In Black is the Body, Professor Bernard personalizes the themes that dominate her scholarly work: the quest for interracial understanding, the struggles around defining Blackness as personal and cultural identity, and the powerful examples of the great ones, writers and artists as well as family matriarchs, who came before.

Over the course of twenty years Emily Bernard has emerged as a leading scholar of Black literature, and as a beloved teacher and colleague at the University of Vermont.

Mark Levine, MD 

Vermont Commissioner of Health

“Right Man, Right Place, Right Time: Health Commissioner Mark Levine, MD” (vermontbiz 3/14/2021)

Dr. Mark Levine is the Vermont Commissioner of Health. He was appointed to this position by Vermont Governor Phil Scott in March 2017. The following background information was taken from https://www.healthvermont.gov/about-us/organization-locations/our-leaders

“Prior to his appointment, Dr. Levine was a professor of medicine at the University of Vermont, associate dean for graduate medical education, and designated institutional official at the College of Medicine and UVM Medical Center. He also served as vice chair for education in the Department of Medicine.

Dr. Levine received his B.A. in biology from the University of Connecticut and M.D. from the University of Rochester. He completed his internal medicine residency and chief resident year at the University of Vermont, and a fellowship in general internal medicine at the University of North Carolina. Dr. Levine’s general internal medicine practice focused on health promotion and disease prevention, preventative health screening and clinical nutrition, chronic disease management, and solving complex diagnostic dilemmas.

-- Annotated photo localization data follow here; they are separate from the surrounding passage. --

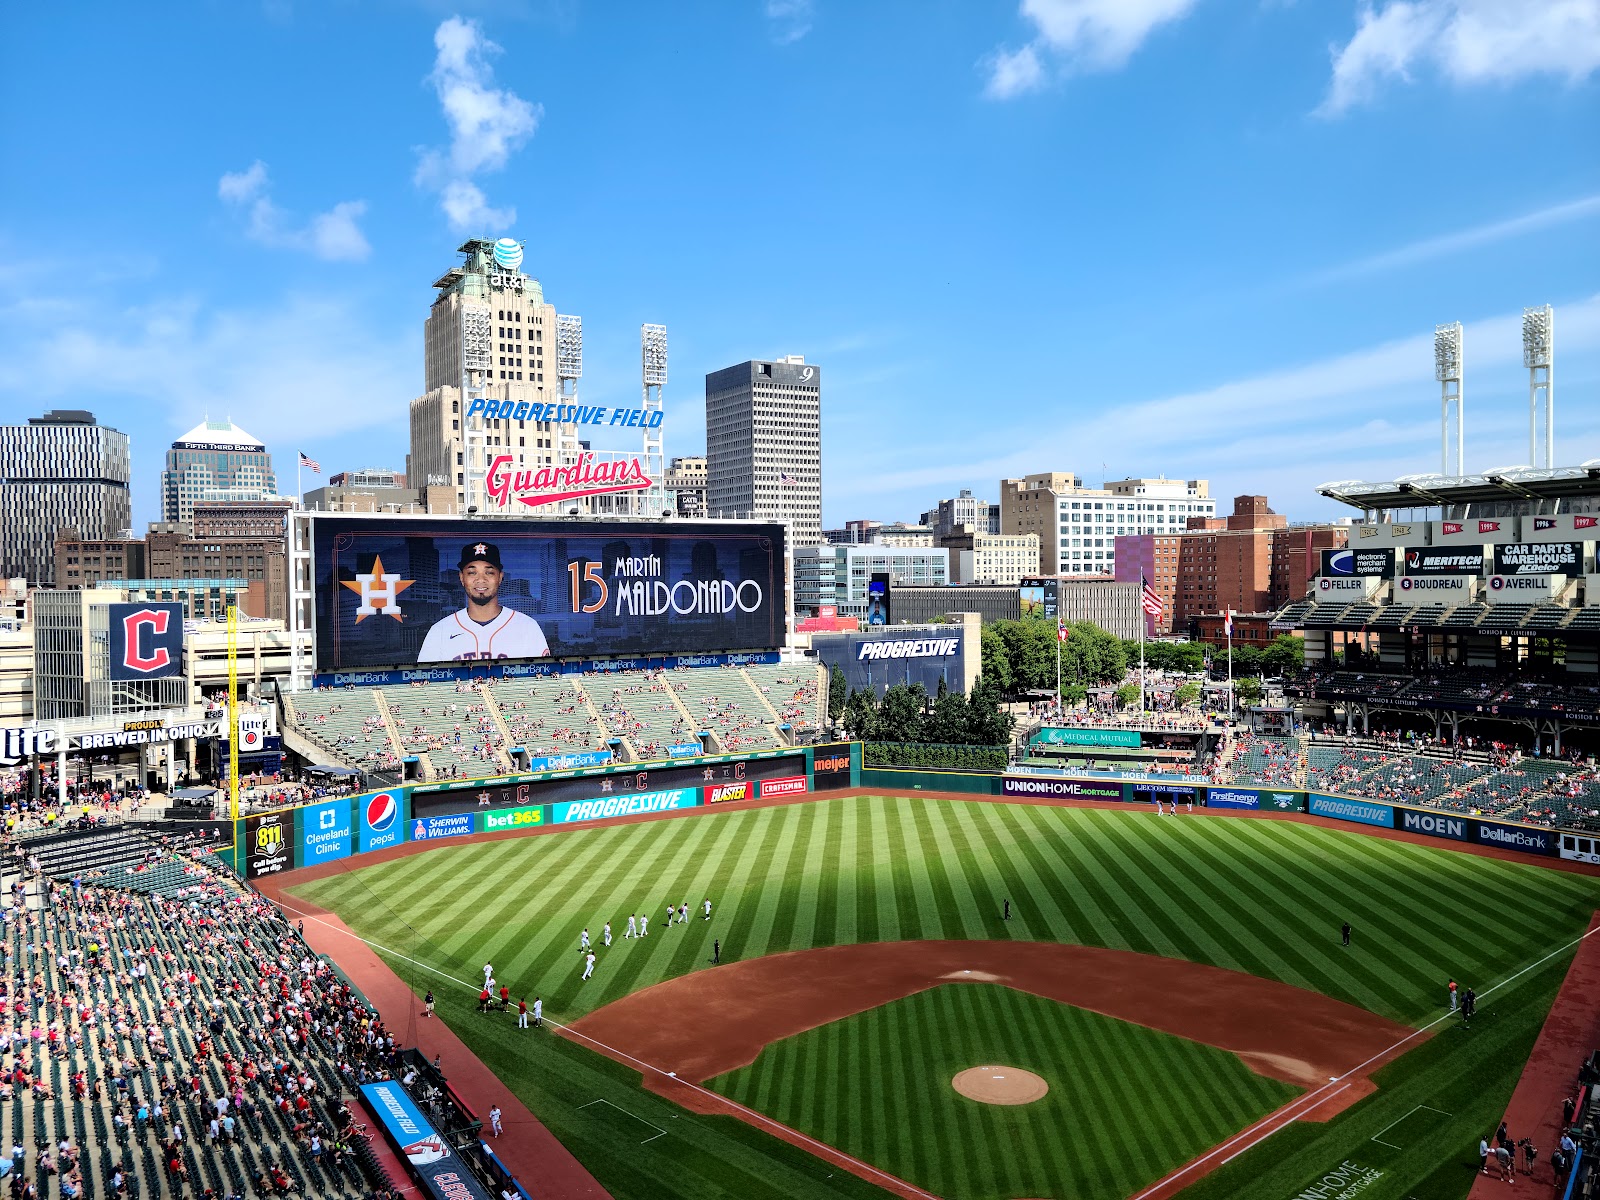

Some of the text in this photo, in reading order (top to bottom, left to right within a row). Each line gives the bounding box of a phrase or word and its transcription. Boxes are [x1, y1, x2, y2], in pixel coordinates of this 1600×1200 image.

[491, 269, 526, 288] at&t
[799, 367, 813, 382] 9
[467, 398, 664, 428] PROGRESSIVE FIELD
[486, 453, 654, 508] Guardians
[1536, 520, 1549, 528] 1996
[1505, 545, 1571, 555] CAR PARTS
[615, 554, 661, 577] MARTÍN
[1423, 556, 1482, 566] MERITECH
[1502, 554, 1576, 565] WAREHOUSE
[568, 561, 608, 613] 15
[1332, 580, 1362, 590] FELLER
[1414, 579, 1463, 590] BOUDREAU
[1494, 579, 1548, 590] 3 AVERILL
[615, 579, 763, 617] MALDONADO
[123, 609, 171, 672] C
[858, 638, 960, 661] PROGRESSIVE
[592, 659, 637, 669] DollarBank
[678, 656, 719, 665] DollarBank
[727, 653, 767, 663] DollarBank
[402, 670, 454, 681] DollarBank
[503, 664, 550, 675] DollarBank
[335, 674, 390, 684] DollarBank
[125, 720, 165, 731] PROUDLY
[242, 720, 261, 731] Lite
[82, 725, 203, 749] BREWED IN OHIO
[1064, 732, 1132, 742] MEDICAL MUTUAL
[814, 755, 850, 773] meijer
[735, 762, 745, 779] C
[1063, 769, 1089, 777] MOEN
[1121, 772, 1148, 781] MOEN
[636, 772, 648, 790] C
[1182, 775, 1209, 783] MOEN
[765, 782, 804, 793] CRAFTSMAN
[1081, 788, 1120, 796] MORTGAGE
[1136, 784, 1167, 792] LECOM
[502, 793, 511, 801] VS
[517, 785, 530, 803] C
[710, 785, 747, 803] BLASTER
[1210, 791, 1257, 803] FirstEnergy
[563, 790, 682, 822] PROGRESSIVE
[1312, 799, 1388, 822] PROGRESSIVE
[429, 816, 469, 831] SHERWIN
[487, 810, 542, 828] bet365
[1404, 813, 1462, 836] MOEN
[258, 825, 281, 847] 811
[306, 826, 350, 845] Cleveland
[370, 831, 396, 848] pepsi
[1480, 825, 1546, 849] DollarBank
[315, 842, 341, 855] Clinic
[253, 856, 287, 868] Call before
[257, 864, 283, 875] you dig.
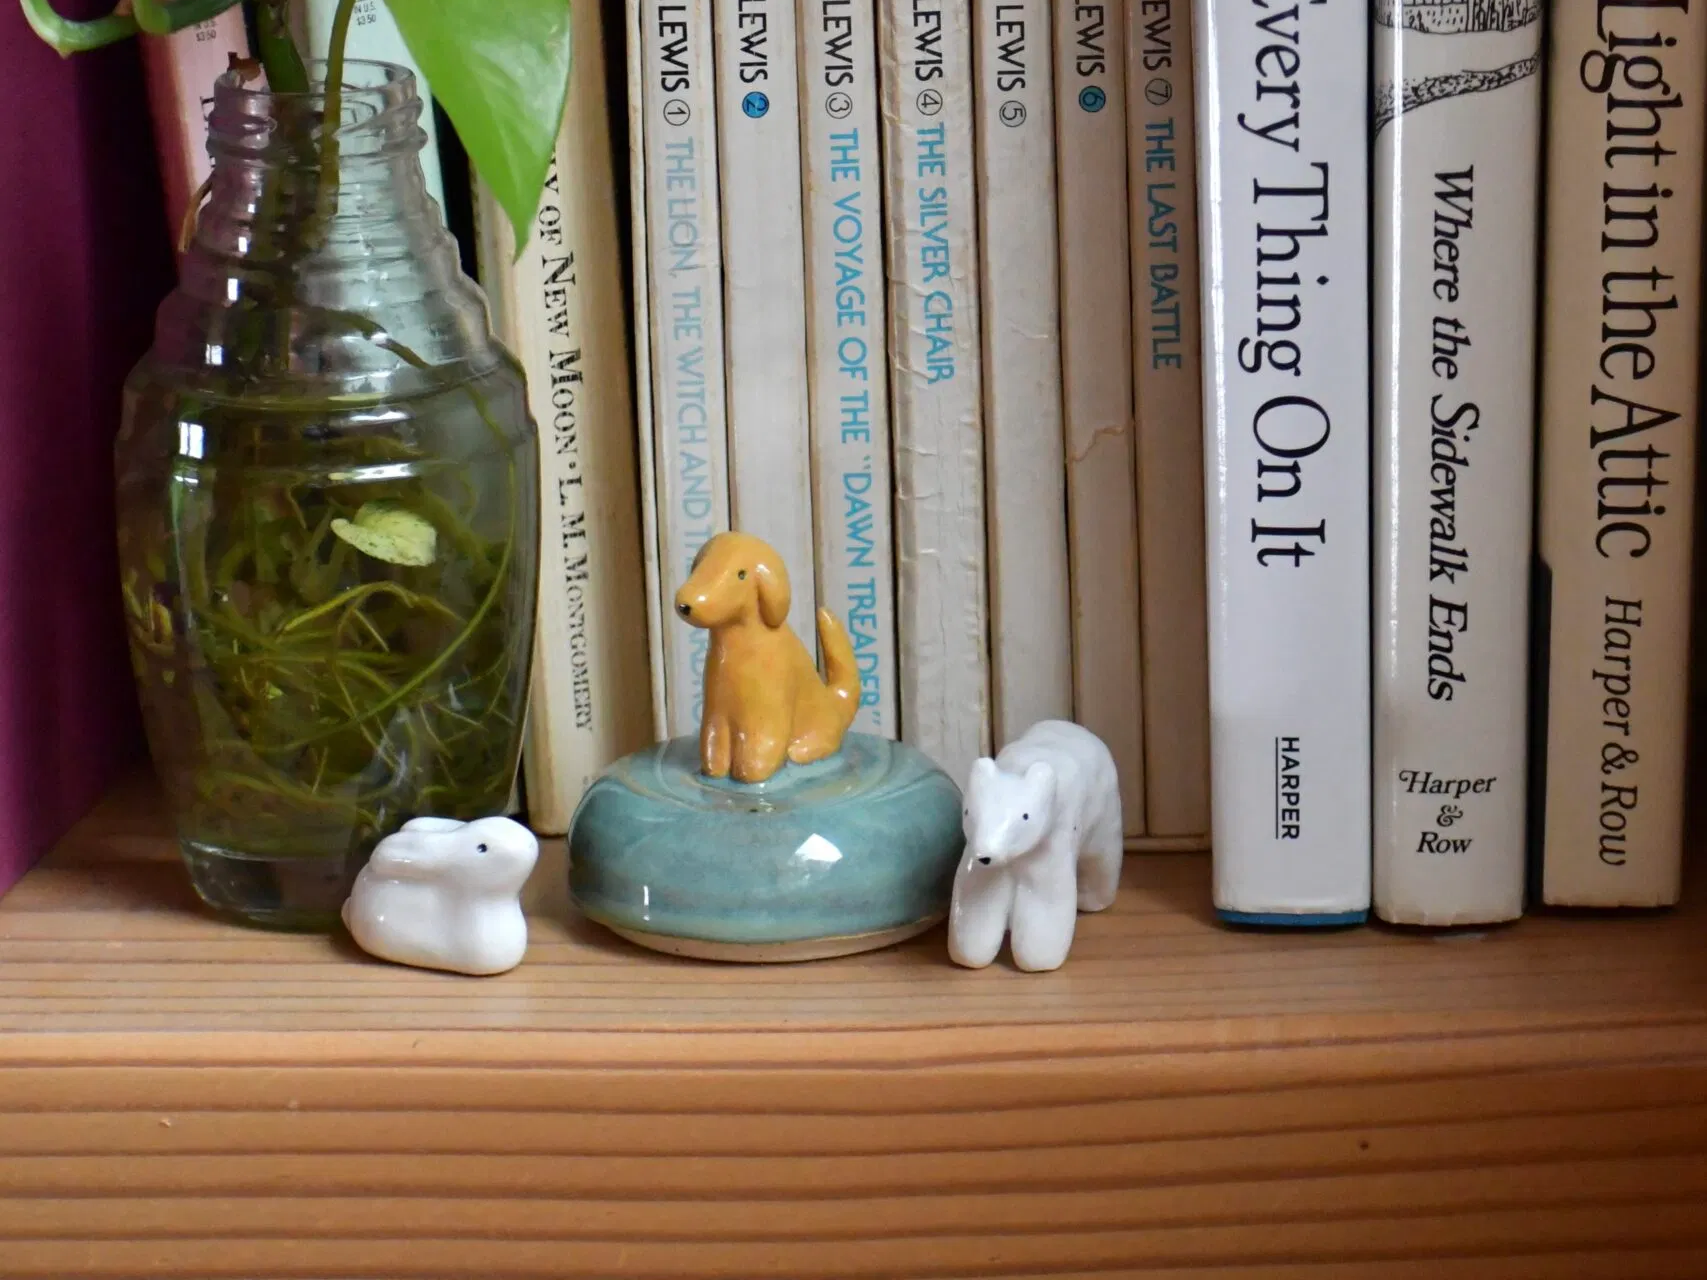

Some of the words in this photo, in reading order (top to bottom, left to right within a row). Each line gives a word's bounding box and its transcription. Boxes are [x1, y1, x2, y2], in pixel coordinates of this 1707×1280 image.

[665, 136, 695, 190] THE
[830, 127, 859, 182] THE
[917, 122, 944, 177] THE
[1146, 118, 1175, 172] THE
[538, 205, 562, 245] OF
[919, 186, 949, 284] SILVER
[1148, 182, 1177, 253] LAST
[1433, 165, 1473, 302] Where
[1601, 182, 1673, 252] in
[833, 191, 868, 326] VOYAGE
[1238, 162, 1329, 376] Thing
[542, 251, 576, 338] NEW
[672, 285, 703, 339] THE
[1150, 263, 1182, 370] BATTLE
[1600, 266, 1678, 380] the
[838, 336, 869, 382] OF
[923, 290, 954, 385] CHAIR
[1432, 316, 1471, 379] the
[548, 347, 584, 456] MOON
[675, 345, 708, 444] WITCH
[840, 390, 871, 443] THE
[1253, 396, 1330, 502] On
[1590, 385, 1682, 559] Attic
[557, 476, 584, 507] L.
[681, 452, 711, 520] AND
[1430, 394, 1480, 584] Sidewalk
[561, 512, 588, 549] M.
[1251, 518, 1325, 567] It
[564, 554, 594, 732] MONTGOMERY
[1428, 594, 1467, 701] Ends
[1592, 596, 1642, 736] Harper
[1281, 737, 1300, 839] HARPER
[1399, 770, 1496, 799] Harper
[1601, 742, 1639, 775] &
[1417, 832, 1472, 853] Row
[1436, 805, 1463, 827] &
[1599, 782, 1638, 866] Row

With this experience, Dr. Levine understands the challenges our health care system holds for both patients and physicians. This informs his interest in improving public health through policies that foster a culture of health.

Dr. Levine has served on the American College of Physicians Board of Regents, and as governor of its Vermont chapter; as vice president and president-elect of the Vermont Medical Society; and was a longstanding member of the Vermont Department of Health’s Primary Care-Public Health Integration Workgroup. He successfully directed large NIH and HRSA educational grants related to nutrition-preventive medicine competencies for general physicians.”

Dr. Mark Levine has led the Vermont Health Department’s response to the Coronavirus pandemic. There have been many news stories regarding Dr. Levine’s exemplary leadership during this unprecedented time. The following is taken from https://vermontbiz.com/news/2021/march/14/right-man-right-place-right-time-health-commissioner-mark-levine-md.

“In September 2020, Dr. Anthony Fauci, head of the National Institute of Allergy and Infectious Disease, video-visited a Vermont press conference with Governor Scott and Commissioner of Public Health and Dr. Mark Levine. He called Vermont “a model for the rest of the nation” and said he wished he “could bottle (the state's response) and take it with me when I go around talking to other parts of the country."

People believe that Dr Levine — a very tall man at 6' 5”, sort of wonky, smart, accessible, calm, earnest and a surprisingly witty man —has been the right man in the right place at the right time. Scott certainly believes it. He calls Dr Levine, whom he appointed to be health commissioner in 2017, “Vermont's own Dr Fauci.”

“Dr Levine’s expertise and talent were clear from the start, that’s why we wanted him on our team,” Scott said. “But I think what makes him so well suited to help us navigate this once-in-a-century health crisis is his even-keeled style and his ability to explain and offer solutions to complex problems in a way that the everyday Vermonter understands. His counsel has had a huge impact on Vermont’s nation-leading response. I think Vermonters have been able to see for themselves, in the nearly 240 hours’ worth of media briefings we’ve had since March, why his thoughtful and compassionate demeanor makes him the right person for the job.”

Dr. Mark Levine is most deserving of being recognized for his many accomplishments by being selected as a Fellow in the Vermont Academy of Arts and Sciences.